What is needed is a word-for-word copy of the listing below, without pictures.

####

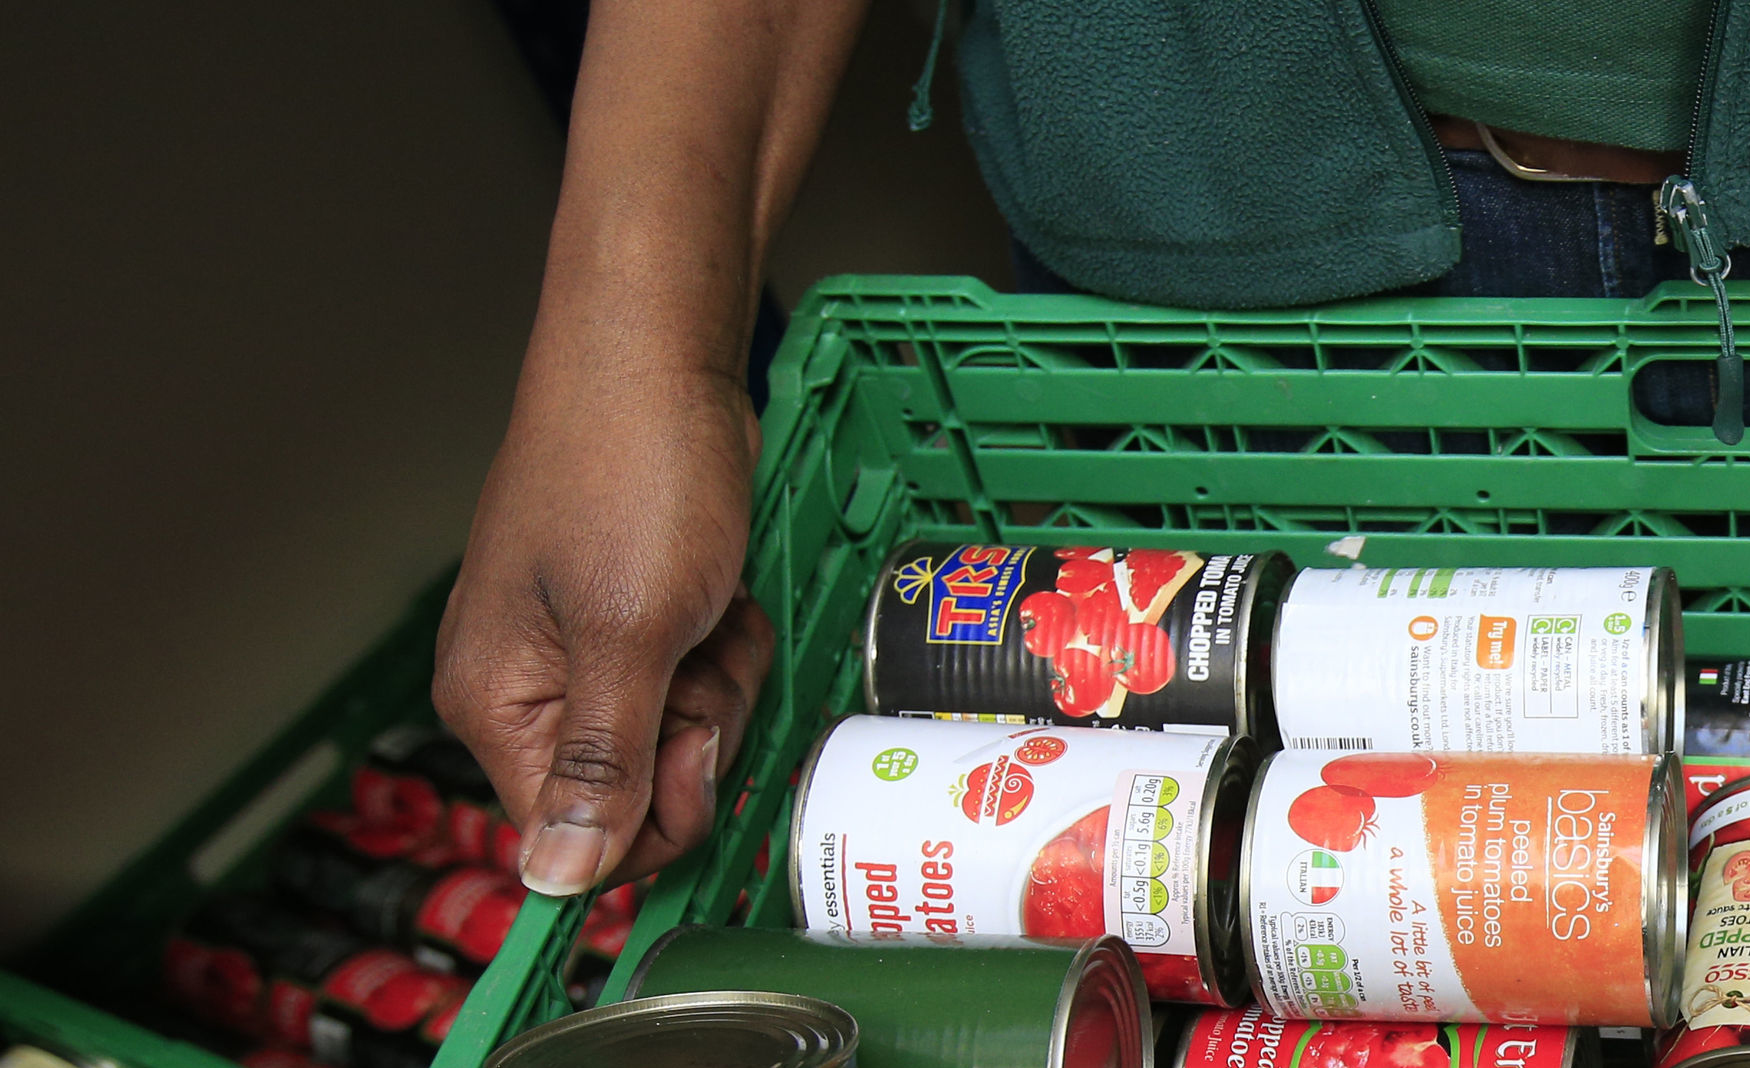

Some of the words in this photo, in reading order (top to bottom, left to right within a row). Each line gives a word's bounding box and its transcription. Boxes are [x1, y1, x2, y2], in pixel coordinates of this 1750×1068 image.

[935, 546, 1011, 636] TRS
[1619, 571, 1641, 588] 400g
[1218, 575, 1242, 625] TOMATO
[1188, 590, 1218, 680] CHOPPED
[1215, 629, 1231, 644] IN
[1488, 621, 1508, 638] Try
[1489, 641, 1504, 664] me!
[1540, 636, 1549, 658] LABEL
[1564, 636, 1573, 654] CAN
[1422, 646, 1432, 669] Want
[1423, 672, 1431, 681] to
[1540, 668, 1549, 693] PAPER
[1563, 663, 1572, 690] METAL
[1621, 670, 1629, 687] can
[1407, 646, 1423, 748] sainsburys.co.uk
[1422, 684, 1432, 702] find
[1621, 689, 1630, 720] counts
[1423, 704, 1431, 720] out
[1611, 707, 1620, 741] different
[1424, 723, 1434, 750] more?
[1621, 723, 1629, 733] as
[891, 752, 906, 760] 5
[1622, 741, 1631, 750] of
[1141, 779, 1161, 803] 0.20g
[1162, 785, 1174, 796] 3%
[1463, 784, 1487, 800] in
[1486, 783, 1512, 831] plum
[1136, 812, 1154, 834] 5.6g
[1390, 847, 1405, 860] a
[1456, 804, 1483, 883] tomato
[1134, 843, 1151, 876] <0.1g
[1154, 852, 1165, 872] <1%
[1508, 819, 1534, 902] peeled
[1551, 789, 1609, 941] basics
[1592, 811, 1616, 913] Sainsbury's
[820, 832, 839, 917] essentials
[1299, 861, 1308, 893] ITALIAN
[1133, 880, 1149, 912] <0.5g
[1153, 887, 1163, 906] <1%
[1388, 868, 1408, 923] whole
[1483, 838, 1505, 948] tomatoes
[1411, 900, 1427, 915] A
[1451, 887, 1479, 945] juice
[1706, 905, 1735, 917] sauce
[1259, 915, 1270, 943] Reference
[1269, 915, 1279, 939] Typical
[1326, 917, 1334, 942] ENERGY
[1411, 922, 1429, 956] little
[1390, 931, 1410, 955] lot
[1393, 961, 1414, 977] of
[1415, 960, 1433, 978] bit
[1419, 981, 1434, 993] of
[1204, 1035, 1222, 1061] Juice
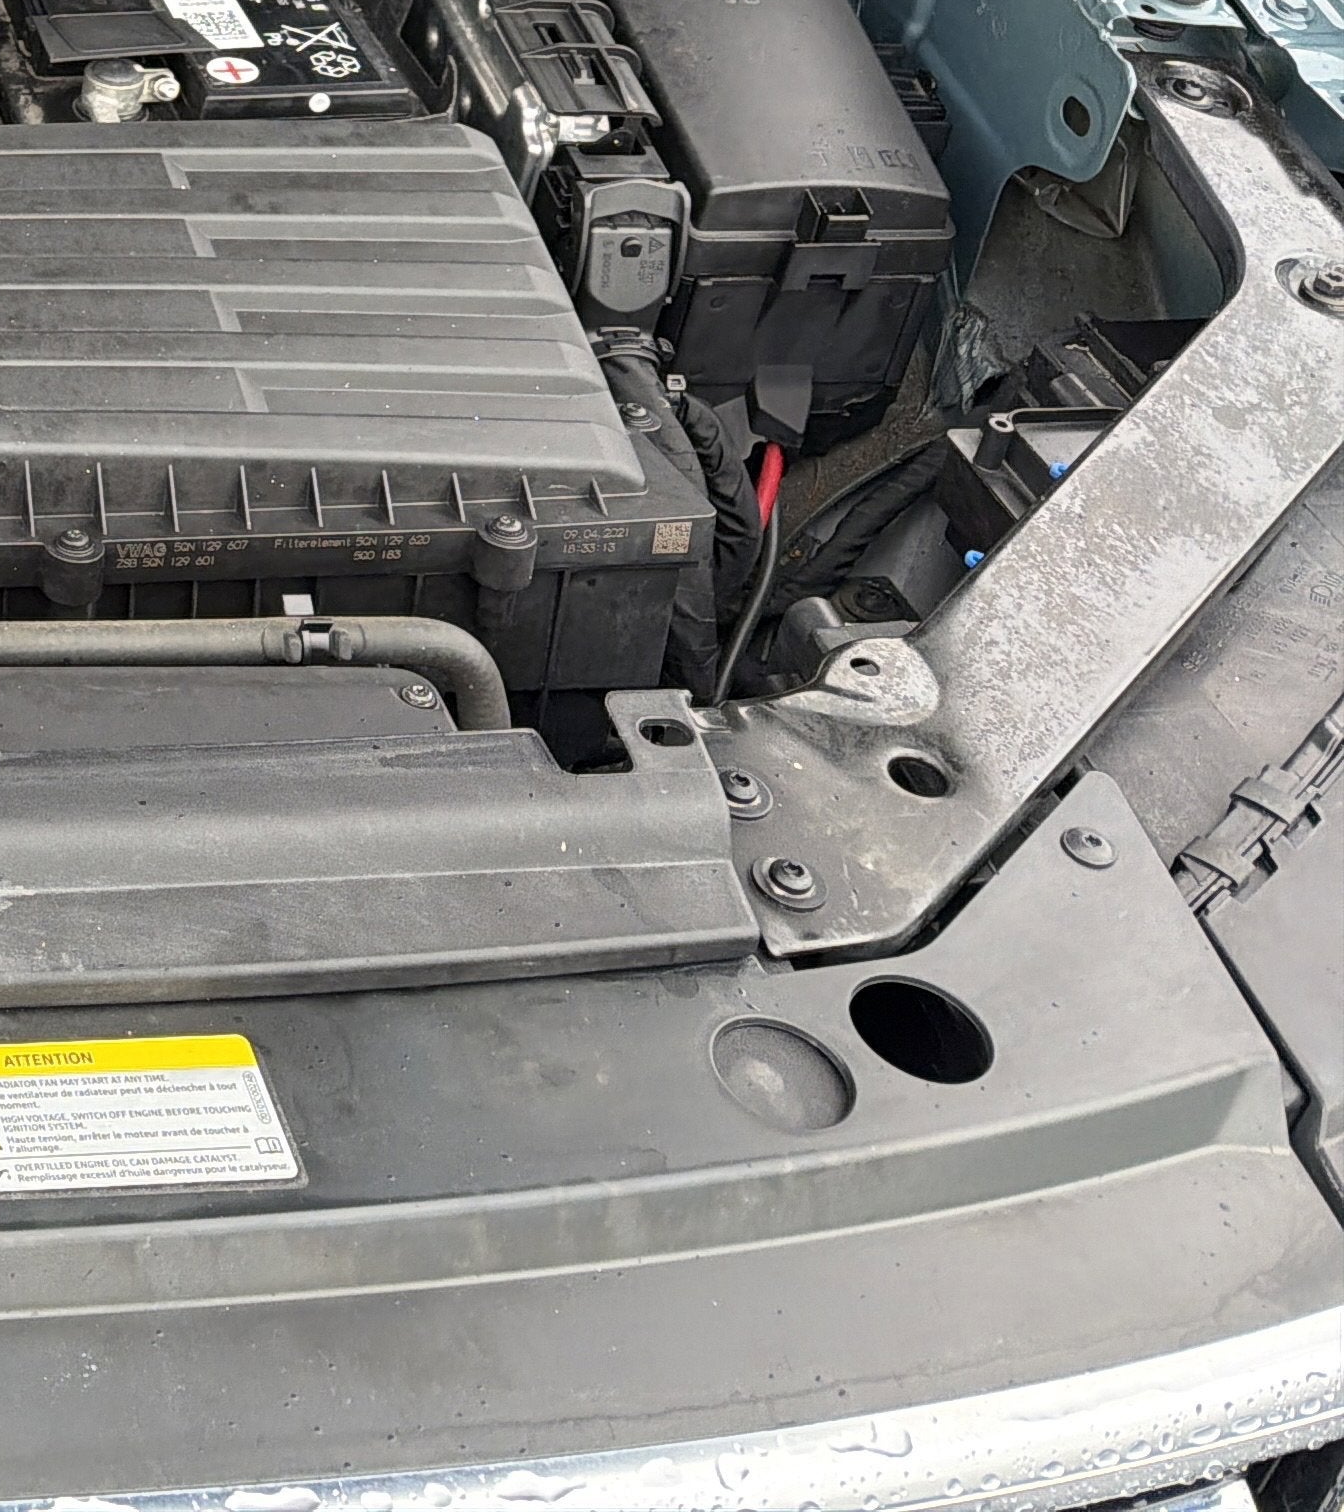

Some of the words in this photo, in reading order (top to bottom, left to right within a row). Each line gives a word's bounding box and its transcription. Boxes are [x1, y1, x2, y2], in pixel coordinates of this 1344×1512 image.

[263, 31, 281, 46] Pb
[116, 542, 167, 558] VWAG
[202, 540, 223, 552] 129
[226, 539, 249, 551] 607
[274, 537, 351, 550] Filterelement
[384, 535, 404, 546] 129
[408, 534, 431, 546] 620
[170, 555, 191, 567] 129
[195, 554, 216, 566] 601
[4, 1051, 94, 1068] ATTENTION
[38, 1078, 58, 1087] FAN
[58, 1078, 79, 1086] MAY
[80, 1076, 109, 1085] START
[123, 1075, 142, 1083] ANY
[143, 1074, 169, 1082] TIME.
[0, 1114, 25, 1123] HIGH
[70, 1111, 107, 1120] SWITCH
[108, 1110, 126, 1119] OFF
[127, 1109, 164, 1118] ENGINE
[164, 1107, 202, 1116] BEFORE
[202, 1105, 252, 1114] TOUCHING
[2, 1123, 46, 1132] IGNITION
[47, 1122, 87, 1131] SYSTEM.
[13, 1161, 72, 1172] OVERFILLED
[73, 1160, 110, 1169] ENGINE
[111, 1159, 128, 1167] OIL
[128, 1158, 149, 1166] CAN
[150, 1156, 192, 1165] DAMAGE
[192, 1153, 240, 1163] CATALYST.
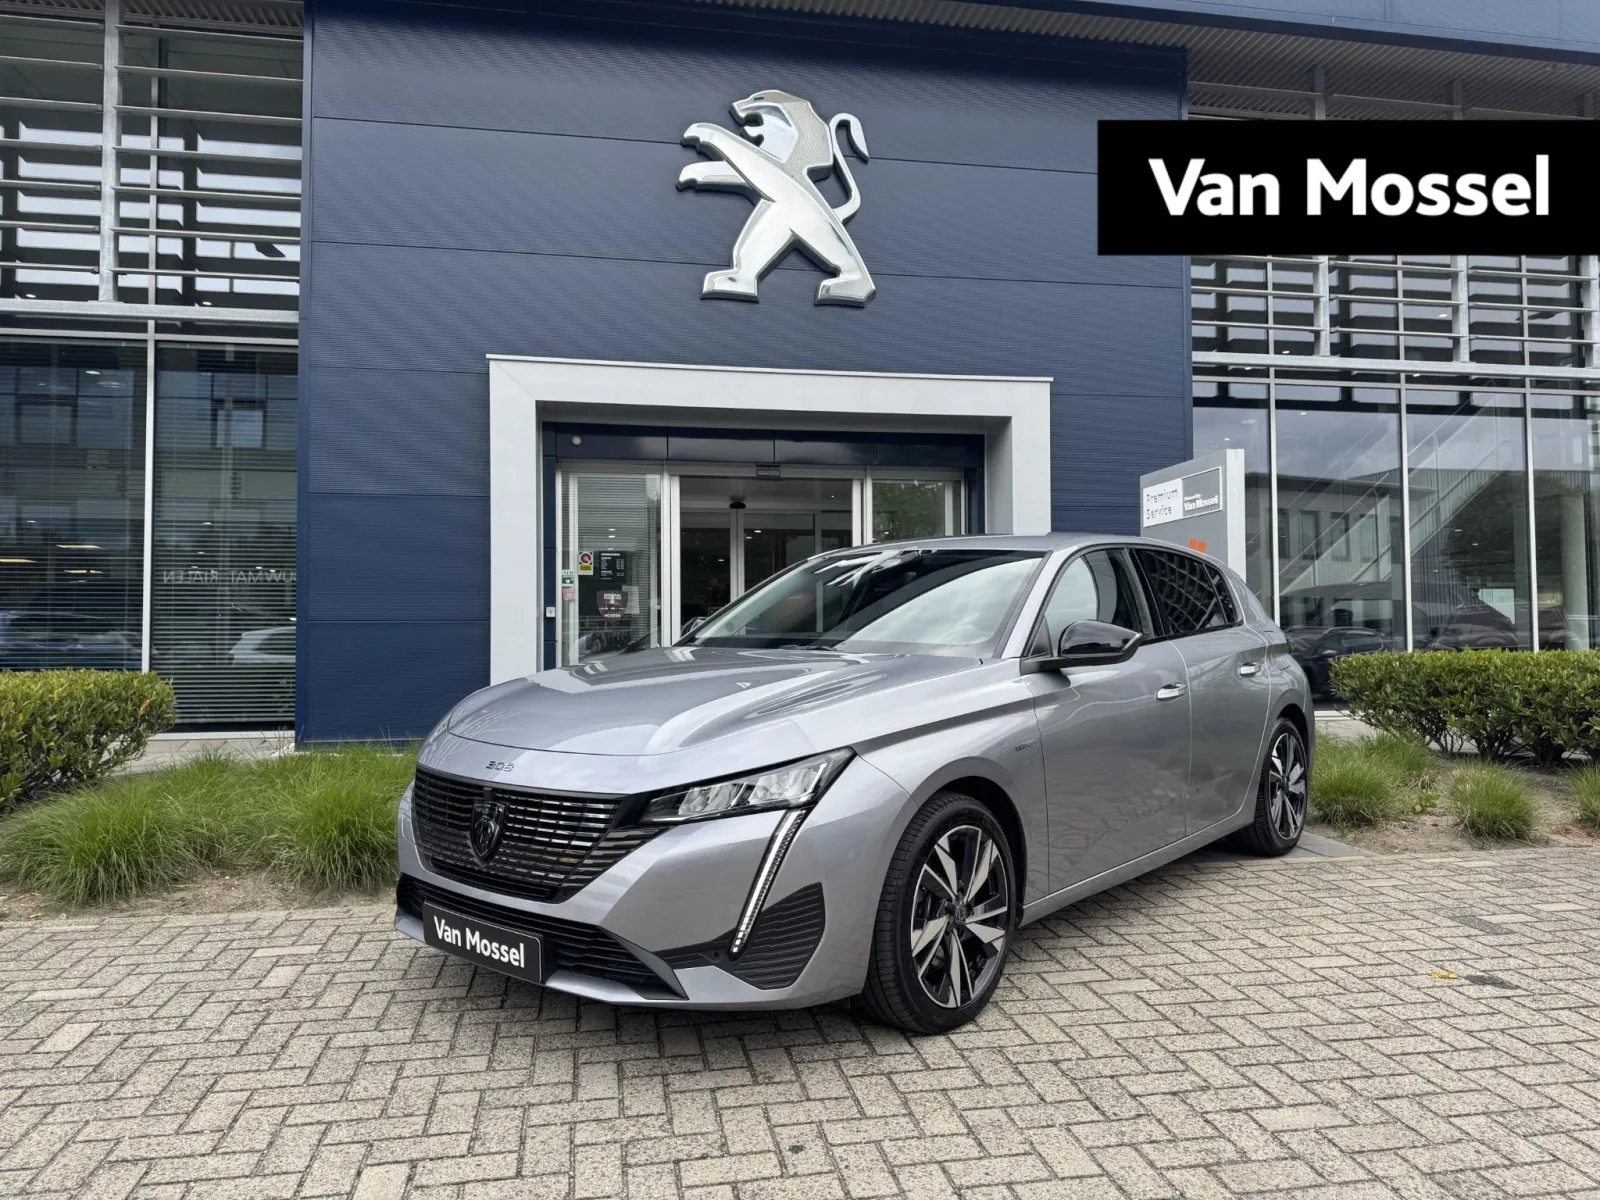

####

> [Answer to the problem]:
Some of the words in this photo, in reading order (top to bottom, left to right within a row). Each line gives a word's bounding box and its transcription. Boxes are [x1, y1, x2, y2], in pixel coordinates of this 1750×1068 image.

[935, 546, 1011, 636] TRS
[1619, 571, 1641, 588] 400g
[1218, 575, 1242, 625] TOMATO
[1188, 590, 1218, 680] CHOPPED
[1215, 629, 1231, 644] IN
[1488, 621, 1508, 638] Try
[1489, 641, 1504, 664] me!
[1540, 636, 1549, 658] LABEL
[1564, 636, 1573, 654] CAN
[1422, 646, 1432, 669] Want
[1423, 672, 1431, 681] to
[1540, 668, 1549, 693] PAPER
[1563, 663, 1572, 690] METAL
[1621, 670, 1629, 687] can
[1407, 646, 1423, 748] sainsburys.co.uk
[1422, 684, 1432, 702] find
[1621, 689, 1630, 720] counts
[1423, 704, 1431, 720] out
[1611, 707, 1620, 741] different
[1424, 723, 1434, 750] more?
[1621, 723, 1629, 733] as
[891, 752, 906, 760] 5
[1622, 741, 1631, 750] of
[1141, 779, 1161, 803] 0.20g
[1162, 785, 1174, 796] 3%
[1463, 784, 1487, 800] in
[1486, 783, 1512, 831] plum
[1136, 812, 1154, 834] 5.6g
[1390, 847, 1405, 860] a
[1456, 804, 1483, 883] tomato
[1134, 843, 1151, 876] <0.1g
[1154, 852, 1165, 872] <1%
[1508, 819, 1534, 902] peeled
[1551, 789, 1609, 941] basics
[1592, 811, 1616, 913] Sainsbury's
[820, 832, 839, 917] essentials
[1299, 861, 1308, 893] ITALIAN
[1133, 880, 1149, 912] <0.5g
[1153, 887, 1163, 906] <1%
[1388, 868, 1408, 923] whole
[1483, 838, 1505, 948] tomatoes
[1411, 900, 1427, 915] A
[1451, 887, 1479, 945] juice
[1706, 905, 1735, 917] sauce
[1259, 915, 1270, 943] Reference
[1269, 915, 1279, 939] Typical
[1326, 917, 1334, 942] ENERGY
[1411, 922, 1429, 956] little
[1390, 931, 1410, 955] lot
[1393, 961, 1414, 977] of
[1415, 960, 1433, 978] bit
[1419, 981, 1434, 993] of
[1204, 1035, 1222, 1061] Juice

Some of the words in this photo, in reading order (top to bottom, left to right within a row). Each line gives a word's bounding box and its transcription. Boxes are [x1, y1, x2, y2], in pixel coordinates of this 1344×1512 image.

[263, 31, 281, 46] Pb
[116, 542, 167, 558] VWAG
[202, 540, 223, 552] 129
[226, 539, 249, 551] 607
[274, 537, 351, 550] Filterelement
[384, 535, 404, 546] 129
[408, 534, 431, 546] 620
[170, 555, 191, 567] 129
[195, 554, 216, 566] 601
[4, 1051, 94, 1068] ATTENTION
[38, 1078, 58, 1087] FAN
[58, 1078, 79, 1086] MAY
[80, 1076, 109, 1085] START
[123, 1075, 142, 1083] ANY
[143, 1074, 169, 1082] TIME.
[0, 1114, 25, 1123] HIGH
[70, 1111, 107, 1120] SWITCH
[108, 1110, 126, 1119] OFF
[127, 1109, 164, 1118] ENGINE
[164, 1107, 202, 1116] BEFORE
[202, 1105, 252, 1114] TOUCHING
[2, 1123, 46, 1132] IGNITION
[47, 1122, 87, 1131] SYSTEM.
[13, 1161, 72, 1172] OVERFILLED
[73, 1160, 110, 1169] ENGINE
[111, 1159, 128, 1167] OIL
[128, 1158, 149, 1166] CAN
[150, 1156, 192, 1165] DAMAGE
[192, 1153, 240, 1163] CATALYST.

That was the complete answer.